June 14th, - June 20th, 2009 Vol.16 No.24

シリーズ:ペトロに学ぶ喜びに満たされて生きる方法20 (IIペトロ3:14-18)

成長しよう!

だから、愛する人たち、このことを待ち望みながら、きずや汚れが何一つなく、平和に過ごしていると神に認めていただけるように励みなさい。(14) また、わたしたちの主の忍耐深さを、救いと考えなさい。それは、わたしたちの愛する兄弟パウロが、神から授かった知恵に基づいて、あなたがたに書き送ったことでもあります。(15) 彼は、どの手紙の中でもこのことについて述べています。その手紙には難しく理解しにくい個所があって、無学な人や心の定まらない人は、それを聖書のほかの部分と同様に曲解し、自分の滅びを招いています。 (16) それで、愛する人たち、あなたがたはこのことをあらかじめ知っているのですから、不道徳な者たちに唆されて、堅固な足場を失わないように注意しなさい。(17) わたしたちの主、救い主イエス・キリストの恵みと知識において、成長しなさい。このイエス・キリストに、今も、また永遠に栄光がありますように、アーメン。(18)

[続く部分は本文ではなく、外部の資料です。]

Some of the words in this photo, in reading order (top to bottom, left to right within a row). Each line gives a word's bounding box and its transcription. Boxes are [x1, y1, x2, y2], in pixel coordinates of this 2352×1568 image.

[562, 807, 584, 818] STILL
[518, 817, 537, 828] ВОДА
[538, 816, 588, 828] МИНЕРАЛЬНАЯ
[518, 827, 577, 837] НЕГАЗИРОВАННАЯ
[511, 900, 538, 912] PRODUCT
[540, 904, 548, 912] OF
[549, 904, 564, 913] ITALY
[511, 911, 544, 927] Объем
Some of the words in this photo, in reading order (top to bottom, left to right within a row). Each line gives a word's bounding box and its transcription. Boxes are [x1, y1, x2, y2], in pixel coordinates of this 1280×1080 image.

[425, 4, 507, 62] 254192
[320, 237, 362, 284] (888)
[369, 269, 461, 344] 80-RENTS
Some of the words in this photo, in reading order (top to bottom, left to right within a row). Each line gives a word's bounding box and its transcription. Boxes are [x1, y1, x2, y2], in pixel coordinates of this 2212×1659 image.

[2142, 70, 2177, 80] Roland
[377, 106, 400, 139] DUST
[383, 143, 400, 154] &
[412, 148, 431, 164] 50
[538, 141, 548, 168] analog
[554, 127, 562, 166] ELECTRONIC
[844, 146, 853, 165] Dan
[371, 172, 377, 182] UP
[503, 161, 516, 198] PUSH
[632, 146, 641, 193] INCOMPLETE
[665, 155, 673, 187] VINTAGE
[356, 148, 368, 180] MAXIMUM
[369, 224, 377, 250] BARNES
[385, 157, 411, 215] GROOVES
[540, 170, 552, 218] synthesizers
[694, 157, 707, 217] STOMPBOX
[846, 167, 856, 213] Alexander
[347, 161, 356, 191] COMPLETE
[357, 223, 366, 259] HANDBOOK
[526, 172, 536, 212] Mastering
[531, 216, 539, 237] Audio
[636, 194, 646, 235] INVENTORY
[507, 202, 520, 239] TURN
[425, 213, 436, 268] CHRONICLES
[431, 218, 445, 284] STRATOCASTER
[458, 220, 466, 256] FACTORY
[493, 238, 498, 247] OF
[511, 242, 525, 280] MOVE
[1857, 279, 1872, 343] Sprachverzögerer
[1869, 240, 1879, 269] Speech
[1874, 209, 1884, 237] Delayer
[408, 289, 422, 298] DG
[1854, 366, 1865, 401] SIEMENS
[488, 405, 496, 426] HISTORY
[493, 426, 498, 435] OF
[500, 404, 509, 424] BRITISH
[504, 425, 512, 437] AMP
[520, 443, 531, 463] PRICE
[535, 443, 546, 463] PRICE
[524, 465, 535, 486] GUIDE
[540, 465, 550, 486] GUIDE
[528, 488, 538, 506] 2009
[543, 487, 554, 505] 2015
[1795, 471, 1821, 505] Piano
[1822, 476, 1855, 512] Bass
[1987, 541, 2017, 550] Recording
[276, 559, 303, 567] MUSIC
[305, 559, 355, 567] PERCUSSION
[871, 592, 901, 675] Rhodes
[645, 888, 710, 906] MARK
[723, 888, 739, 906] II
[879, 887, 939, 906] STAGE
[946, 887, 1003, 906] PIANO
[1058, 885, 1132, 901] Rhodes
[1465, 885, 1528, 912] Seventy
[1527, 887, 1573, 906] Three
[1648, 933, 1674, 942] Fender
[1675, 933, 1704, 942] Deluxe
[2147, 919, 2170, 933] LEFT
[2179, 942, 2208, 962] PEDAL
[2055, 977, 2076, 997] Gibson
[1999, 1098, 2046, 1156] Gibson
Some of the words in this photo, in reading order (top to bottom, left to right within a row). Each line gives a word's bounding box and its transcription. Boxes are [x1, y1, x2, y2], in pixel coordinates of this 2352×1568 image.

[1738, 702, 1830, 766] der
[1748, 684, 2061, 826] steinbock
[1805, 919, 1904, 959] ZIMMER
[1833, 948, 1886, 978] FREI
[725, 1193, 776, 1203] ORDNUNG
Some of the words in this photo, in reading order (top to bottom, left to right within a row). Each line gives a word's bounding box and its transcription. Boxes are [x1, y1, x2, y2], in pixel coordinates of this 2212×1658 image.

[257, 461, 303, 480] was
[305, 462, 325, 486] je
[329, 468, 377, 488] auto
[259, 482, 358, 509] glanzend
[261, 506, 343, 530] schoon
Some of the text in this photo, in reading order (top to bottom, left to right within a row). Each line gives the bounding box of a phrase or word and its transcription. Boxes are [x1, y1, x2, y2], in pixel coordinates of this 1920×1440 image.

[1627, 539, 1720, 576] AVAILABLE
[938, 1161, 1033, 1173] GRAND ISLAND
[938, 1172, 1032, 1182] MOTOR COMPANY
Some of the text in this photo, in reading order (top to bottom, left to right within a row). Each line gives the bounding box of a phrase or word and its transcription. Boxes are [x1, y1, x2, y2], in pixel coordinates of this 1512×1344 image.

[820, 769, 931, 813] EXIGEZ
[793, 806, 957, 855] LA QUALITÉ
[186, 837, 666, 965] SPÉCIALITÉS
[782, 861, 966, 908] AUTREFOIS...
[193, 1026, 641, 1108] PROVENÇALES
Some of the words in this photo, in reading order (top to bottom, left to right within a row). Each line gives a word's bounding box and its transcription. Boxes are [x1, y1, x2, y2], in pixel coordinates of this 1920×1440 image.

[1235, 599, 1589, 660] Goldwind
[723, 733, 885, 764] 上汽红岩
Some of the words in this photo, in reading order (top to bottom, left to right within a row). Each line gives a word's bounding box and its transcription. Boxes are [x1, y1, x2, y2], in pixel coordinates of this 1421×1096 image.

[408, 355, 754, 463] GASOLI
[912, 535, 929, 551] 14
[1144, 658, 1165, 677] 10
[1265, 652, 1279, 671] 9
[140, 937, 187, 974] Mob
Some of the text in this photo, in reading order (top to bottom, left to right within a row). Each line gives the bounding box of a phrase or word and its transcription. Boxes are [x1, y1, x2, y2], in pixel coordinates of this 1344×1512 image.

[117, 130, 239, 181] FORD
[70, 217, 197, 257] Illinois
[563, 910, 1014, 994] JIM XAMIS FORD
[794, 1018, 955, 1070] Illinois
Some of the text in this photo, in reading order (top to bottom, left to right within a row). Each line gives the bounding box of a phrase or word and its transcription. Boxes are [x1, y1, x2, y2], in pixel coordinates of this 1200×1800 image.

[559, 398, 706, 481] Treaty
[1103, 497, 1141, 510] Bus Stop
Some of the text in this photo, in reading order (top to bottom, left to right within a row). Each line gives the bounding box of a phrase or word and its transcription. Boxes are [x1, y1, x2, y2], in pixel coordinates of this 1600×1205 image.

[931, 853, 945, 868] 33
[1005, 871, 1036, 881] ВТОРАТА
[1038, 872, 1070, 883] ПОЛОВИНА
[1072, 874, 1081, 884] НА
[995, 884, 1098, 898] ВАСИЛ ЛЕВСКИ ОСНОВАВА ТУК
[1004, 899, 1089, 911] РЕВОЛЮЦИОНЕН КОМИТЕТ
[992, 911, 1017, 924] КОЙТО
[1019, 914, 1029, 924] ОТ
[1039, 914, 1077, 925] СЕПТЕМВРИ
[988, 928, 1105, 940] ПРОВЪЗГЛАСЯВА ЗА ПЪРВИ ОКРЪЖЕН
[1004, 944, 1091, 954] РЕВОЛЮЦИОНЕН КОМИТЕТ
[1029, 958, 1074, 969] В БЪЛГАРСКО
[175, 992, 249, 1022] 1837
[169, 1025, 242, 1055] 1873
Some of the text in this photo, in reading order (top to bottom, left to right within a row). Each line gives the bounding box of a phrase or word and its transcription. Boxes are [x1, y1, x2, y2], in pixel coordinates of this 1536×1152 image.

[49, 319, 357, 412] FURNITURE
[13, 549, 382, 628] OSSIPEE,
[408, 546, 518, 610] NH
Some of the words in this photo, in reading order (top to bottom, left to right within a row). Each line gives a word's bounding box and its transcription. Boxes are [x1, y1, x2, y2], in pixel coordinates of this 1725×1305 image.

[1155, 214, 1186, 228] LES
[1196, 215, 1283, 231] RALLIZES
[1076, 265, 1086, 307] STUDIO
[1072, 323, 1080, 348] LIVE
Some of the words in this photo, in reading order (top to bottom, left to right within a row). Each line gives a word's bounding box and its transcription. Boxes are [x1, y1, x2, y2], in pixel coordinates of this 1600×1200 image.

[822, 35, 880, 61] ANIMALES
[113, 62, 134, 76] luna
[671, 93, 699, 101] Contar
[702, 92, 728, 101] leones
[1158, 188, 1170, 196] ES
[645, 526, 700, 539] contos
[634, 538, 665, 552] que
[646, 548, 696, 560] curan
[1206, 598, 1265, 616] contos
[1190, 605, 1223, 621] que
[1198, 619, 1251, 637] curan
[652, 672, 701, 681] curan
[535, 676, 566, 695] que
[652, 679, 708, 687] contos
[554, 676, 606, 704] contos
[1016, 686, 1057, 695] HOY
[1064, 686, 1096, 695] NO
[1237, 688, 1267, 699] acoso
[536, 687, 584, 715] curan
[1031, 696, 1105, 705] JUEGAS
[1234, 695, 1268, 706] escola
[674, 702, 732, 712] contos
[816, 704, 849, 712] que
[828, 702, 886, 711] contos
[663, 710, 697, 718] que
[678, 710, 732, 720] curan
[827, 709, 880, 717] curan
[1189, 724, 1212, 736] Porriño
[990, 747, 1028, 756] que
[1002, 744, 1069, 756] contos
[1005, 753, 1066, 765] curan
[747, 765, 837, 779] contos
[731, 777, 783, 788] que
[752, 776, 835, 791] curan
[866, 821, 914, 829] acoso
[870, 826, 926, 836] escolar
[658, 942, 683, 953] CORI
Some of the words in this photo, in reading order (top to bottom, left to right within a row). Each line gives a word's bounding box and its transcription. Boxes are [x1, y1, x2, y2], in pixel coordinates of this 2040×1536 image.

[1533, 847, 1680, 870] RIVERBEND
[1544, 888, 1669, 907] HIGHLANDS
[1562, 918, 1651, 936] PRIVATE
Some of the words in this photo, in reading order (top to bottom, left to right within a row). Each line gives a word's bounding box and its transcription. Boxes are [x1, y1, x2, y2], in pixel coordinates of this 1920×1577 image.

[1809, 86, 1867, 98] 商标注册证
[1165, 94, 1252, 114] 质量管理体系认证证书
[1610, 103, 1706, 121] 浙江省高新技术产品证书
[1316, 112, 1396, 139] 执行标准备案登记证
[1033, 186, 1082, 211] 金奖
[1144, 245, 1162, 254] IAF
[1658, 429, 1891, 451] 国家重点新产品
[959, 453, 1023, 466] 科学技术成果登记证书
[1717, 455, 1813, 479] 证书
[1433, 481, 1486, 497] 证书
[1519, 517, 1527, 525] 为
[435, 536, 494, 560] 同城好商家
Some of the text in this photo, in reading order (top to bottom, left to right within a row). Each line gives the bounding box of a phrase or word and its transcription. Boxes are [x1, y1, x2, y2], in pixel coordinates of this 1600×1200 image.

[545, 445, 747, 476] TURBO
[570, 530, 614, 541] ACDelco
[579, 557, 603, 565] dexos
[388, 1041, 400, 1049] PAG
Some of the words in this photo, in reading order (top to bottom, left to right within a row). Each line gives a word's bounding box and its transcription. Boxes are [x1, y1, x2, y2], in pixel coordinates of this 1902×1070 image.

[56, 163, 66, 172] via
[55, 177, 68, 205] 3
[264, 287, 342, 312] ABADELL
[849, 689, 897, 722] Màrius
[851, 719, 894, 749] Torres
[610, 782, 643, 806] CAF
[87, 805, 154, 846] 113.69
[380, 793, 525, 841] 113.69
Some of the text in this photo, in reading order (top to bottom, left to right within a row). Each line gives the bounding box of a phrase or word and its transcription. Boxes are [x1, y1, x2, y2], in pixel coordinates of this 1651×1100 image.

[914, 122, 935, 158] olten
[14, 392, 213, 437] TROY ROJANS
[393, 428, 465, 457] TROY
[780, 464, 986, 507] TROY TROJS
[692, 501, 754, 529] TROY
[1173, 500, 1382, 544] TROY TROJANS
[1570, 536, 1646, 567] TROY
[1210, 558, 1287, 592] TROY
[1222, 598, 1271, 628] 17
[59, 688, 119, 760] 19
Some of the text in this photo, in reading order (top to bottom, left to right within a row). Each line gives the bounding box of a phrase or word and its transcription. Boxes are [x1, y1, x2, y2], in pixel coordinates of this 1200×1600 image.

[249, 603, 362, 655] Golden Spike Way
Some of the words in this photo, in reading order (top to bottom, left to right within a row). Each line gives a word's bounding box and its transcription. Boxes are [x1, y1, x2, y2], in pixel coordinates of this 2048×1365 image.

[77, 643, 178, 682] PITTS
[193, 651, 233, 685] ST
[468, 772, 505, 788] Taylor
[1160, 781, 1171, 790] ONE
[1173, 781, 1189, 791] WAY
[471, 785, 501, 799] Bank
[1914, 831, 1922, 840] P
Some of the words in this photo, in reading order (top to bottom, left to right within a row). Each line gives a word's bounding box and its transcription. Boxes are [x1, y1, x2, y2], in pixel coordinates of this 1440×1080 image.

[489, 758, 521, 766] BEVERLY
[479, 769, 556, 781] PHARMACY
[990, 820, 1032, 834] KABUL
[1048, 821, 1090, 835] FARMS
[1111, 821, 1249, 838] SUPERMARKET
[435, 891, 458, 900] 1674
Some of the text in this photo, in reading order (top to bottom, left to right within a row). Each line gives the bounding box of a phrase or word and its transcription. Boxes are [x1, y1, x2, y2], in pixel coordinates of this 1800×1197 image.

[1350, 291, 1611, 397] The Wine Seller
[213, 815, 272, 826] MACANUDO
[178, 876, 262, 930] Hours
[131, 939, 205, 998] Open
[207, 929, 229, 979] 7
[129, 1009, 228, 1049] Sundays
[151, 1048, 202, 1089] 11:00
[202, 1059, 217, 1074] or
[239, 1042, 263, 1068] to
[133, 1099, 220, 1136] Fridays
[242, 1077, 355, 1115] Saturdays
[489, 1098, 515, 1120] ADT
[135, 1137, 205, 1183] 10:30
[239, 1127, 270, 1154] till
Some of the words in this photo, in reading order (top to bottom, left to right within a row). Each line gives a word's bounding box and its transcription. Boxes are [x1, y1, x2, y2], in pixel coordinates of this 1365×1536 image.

ペトロはこの手紙の締めくくりに、わたしたちの主、救い主イエス・キリストの恵みと知識において成長しなさい、と勧めています。それは霊的な成長、魂の成長です。体の成長と同様に、魂の成長も自分や身近な人には、わかりにくいものです。皆さんは自分の霊的成長を自覚していますか? ペトロは二つの面で成長することを願ってこの手紙を終えました。恵みにおいて、知識においてという二つの面です。それでは始めに、恵みにおいて成長するということについて考えてみましょう。

A 救い主イエス・キリストの恵みにおいて成長しよう

1) 新しい世の希望を持ちながら神様に喜ばれことによって (14)

だから、愛する人たち、このことを待ち望みながら、きずや汚れが何一つなく、平和に過ごしていると神に認めていただけるように励みなさい。(14)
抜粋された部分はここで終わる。